I need the entries printed again word for word, without the images.

[Record extracts — start]

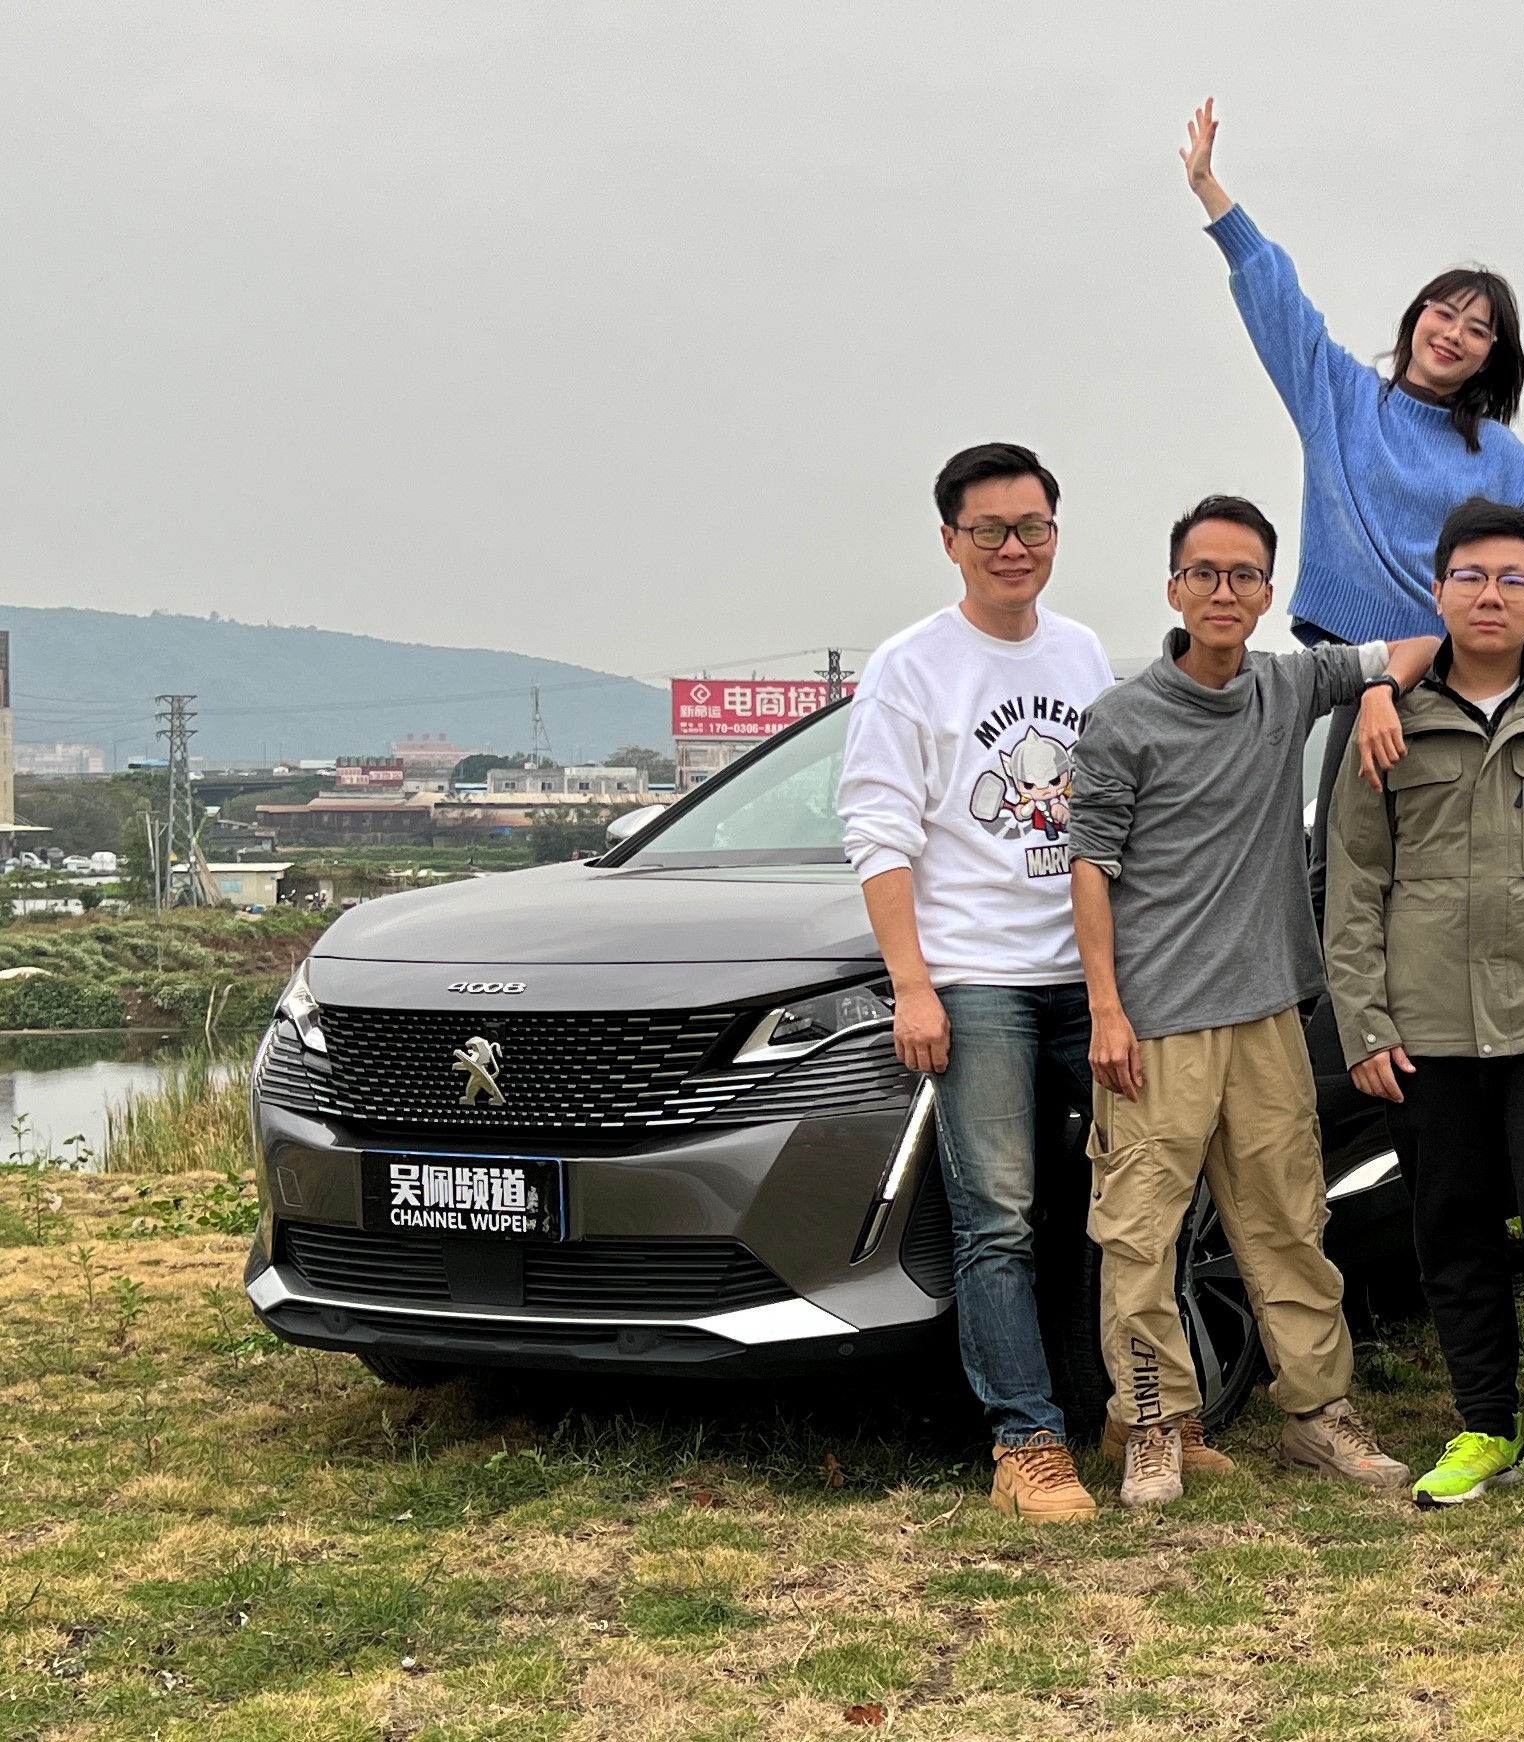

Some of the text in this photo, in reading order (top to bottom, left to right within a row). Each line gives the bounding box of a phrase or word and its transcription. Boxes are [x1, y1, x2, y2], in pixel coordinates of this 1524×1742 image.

[974, 696, 1025, 750] MINI
[448, 981, 527, 994] 4008
[390, 1163, 526, 1213] 吴佩频道
[390, 1208, 527, 1233] CHANNEL WUPEI
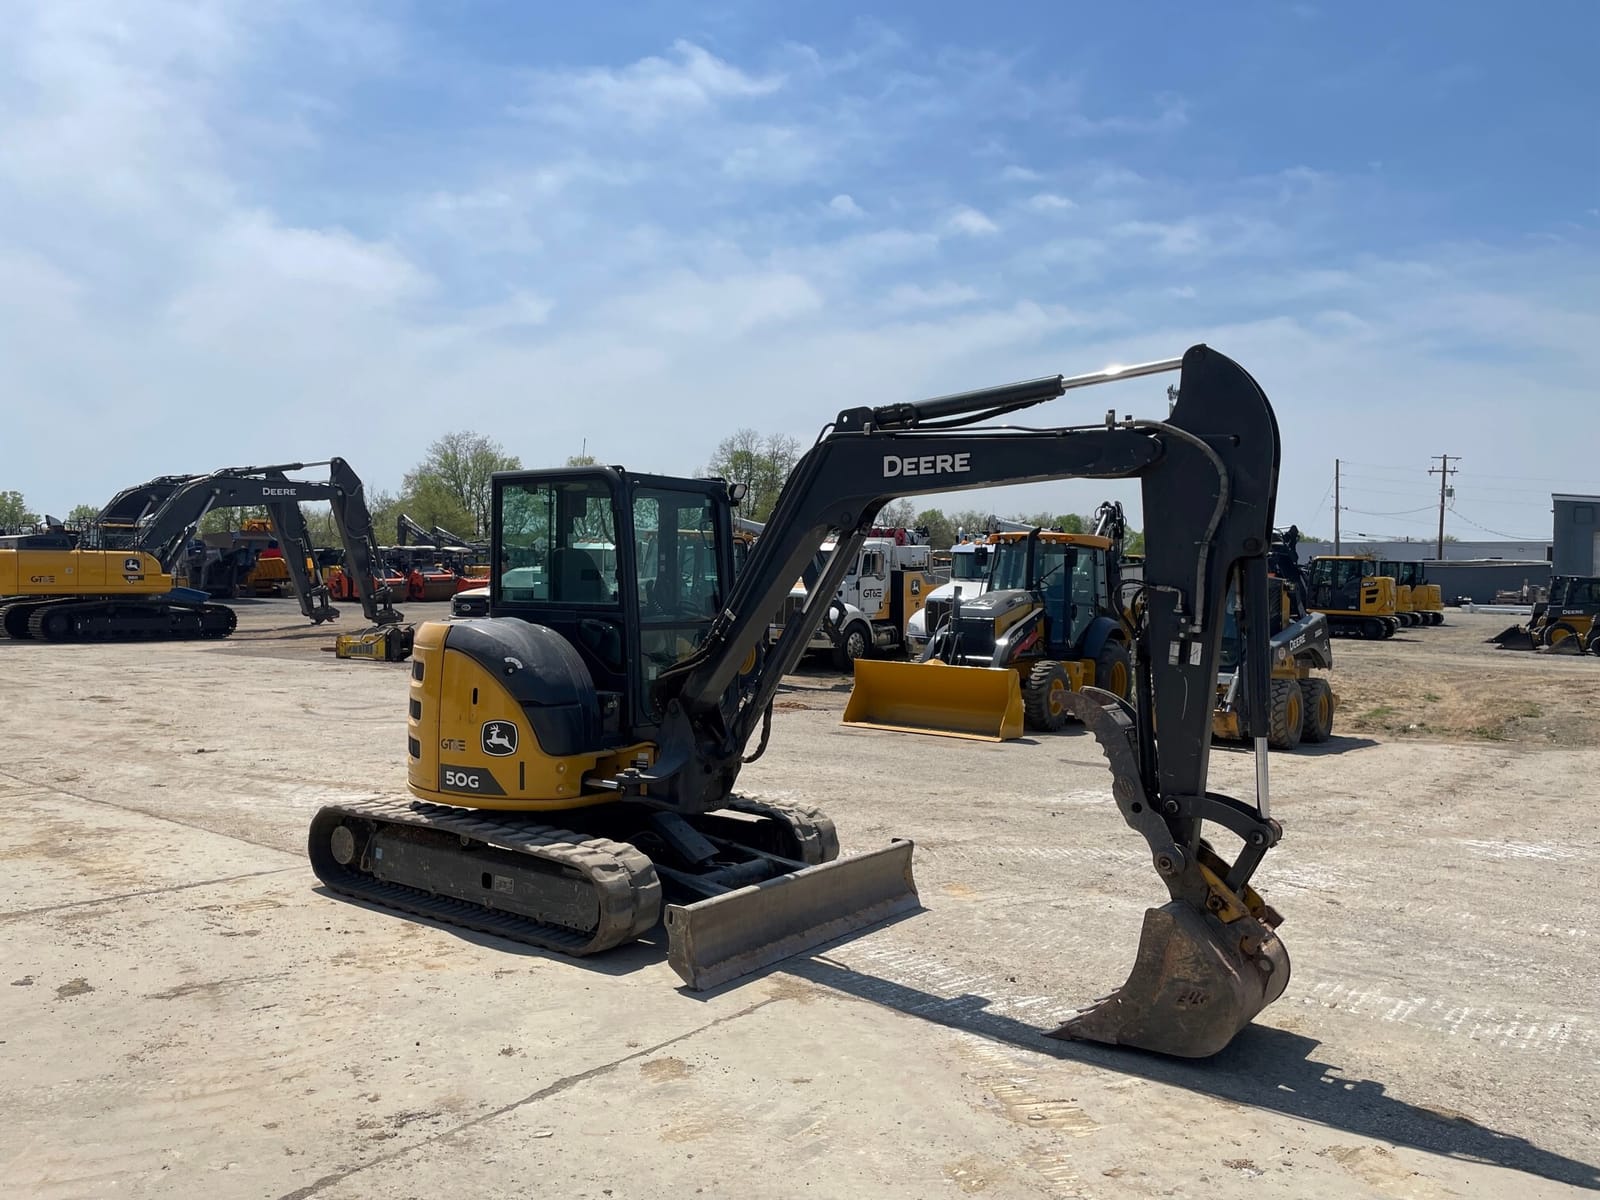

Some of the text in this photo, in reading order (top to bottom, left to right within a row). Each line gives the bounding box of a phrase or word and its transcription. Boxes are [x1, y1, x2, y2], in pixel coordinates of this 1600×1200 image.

[883, 452, 971, 478] DEERE
[262, 487, 297, 496] DEERE
[1290, 633, 1306, 651] DEERE
[446, 770, 479, 788] 50G
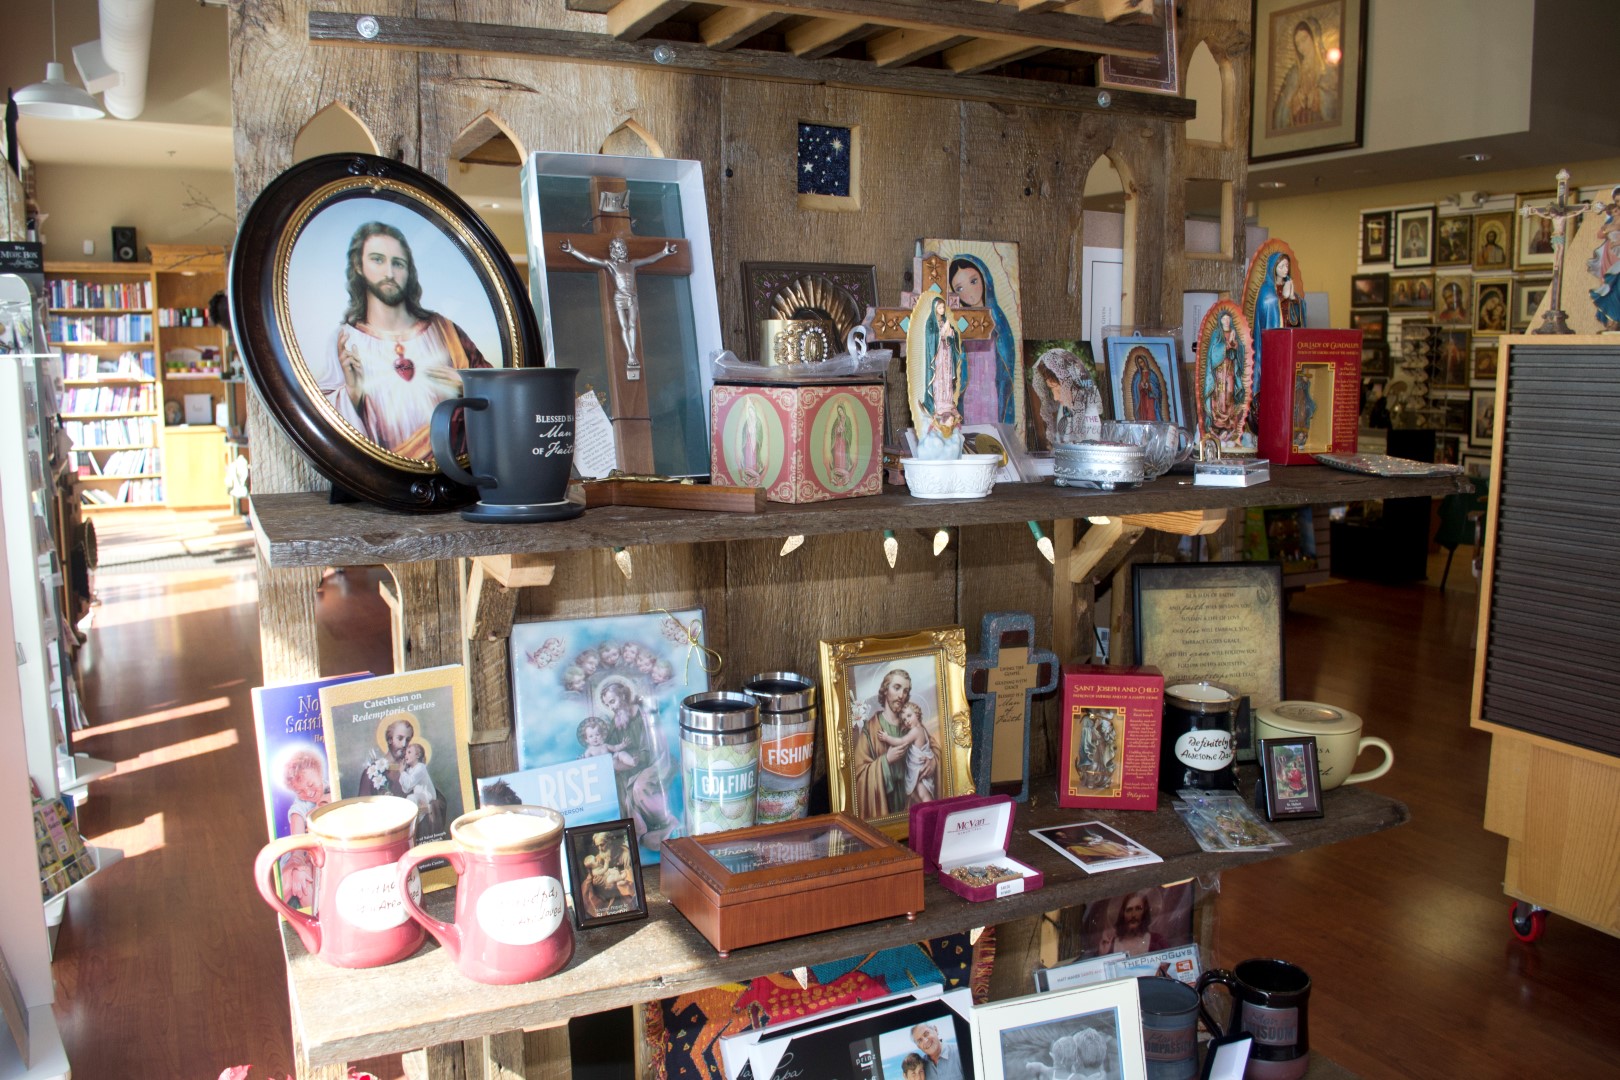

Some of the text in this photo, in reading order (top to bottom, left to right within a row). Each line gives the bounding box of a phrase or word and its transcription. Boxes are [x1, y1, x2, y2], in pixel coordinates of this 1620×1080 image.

[536, 414, 566, 423] BLESSED
[539, 423, 572, 438] Man
[532, 448, 544, 456] OF
[1073, 684, 1094, 692] SAINT
[1096, 685, 1120, 693] JOSEPH
[363, 692, 422, 709] Catechism on
[352, 700, 436, 724] Redemptoris Custos
[1188, 736, 1229, 752] Definitely
[1181, 750, 1217, 760] Awesome
[538, 763, 602, 812] RISE
[956, 818, 985, 830] McVan
[856, 1054, 876, 1066] prinz

[Record extracts — finish]

▶ [Expected answer]:
Some of the text in this photo, in reading order (top to bottom, left to right within a row). Each line gives the bounding box of a phrase or word and its transcription. Boxes are [x1, y1, x2, y2], in pixel coordinates of this 1524×1742 image.

[974, 696, 1025, 750] MINI
[448, 981, 527, 994] 4008
[390, 1163, 526, 1213] 吴佩频道
[390, 1208, 527, 1233] CHANNEL WUPEI

Some of the text in this photo, in reading order (top to bottom, left to right within a row). Each line gives the bounding box of a phrase or word and its transcription. Boxes are [x1, y1, x2, y2], in pixel coordinates of this 1600×1200 image.

[883, 452, 971, 478] DEERE
[262, 487, 297, 496] DEERE
[1290, 633, 1306, 651] DEERE
[446, 770, 479, 788] 50G

Some of the text in this photo, in reading order (top to bottom, left to right within a row). Each line gives the bounding box of a phrase or word and its transcription. Boxes are [x1, y1, x2, y2], in pixel coordinates of this 1620×1080 image.

[536, 414, 566, 423] BLESSED
[539, 423, 572, 438] Man
[532, 448, 544, 456] OF
[1073, 684, 1094, 692] SAINT
[1096, 685, 1120, 693] JOSEPH
[363, 692, 422, 709] Catechism on
[352, 700, 436, 724] Redemptoris Custos
[1188, 736, 1229, 752] Definitely
[1181, 750, 1217, 760] Awesome
[538, 763, 602, 812] RISE
[956, 818, 985, 830] McVan
[856, 1054, 876, 1066] prinz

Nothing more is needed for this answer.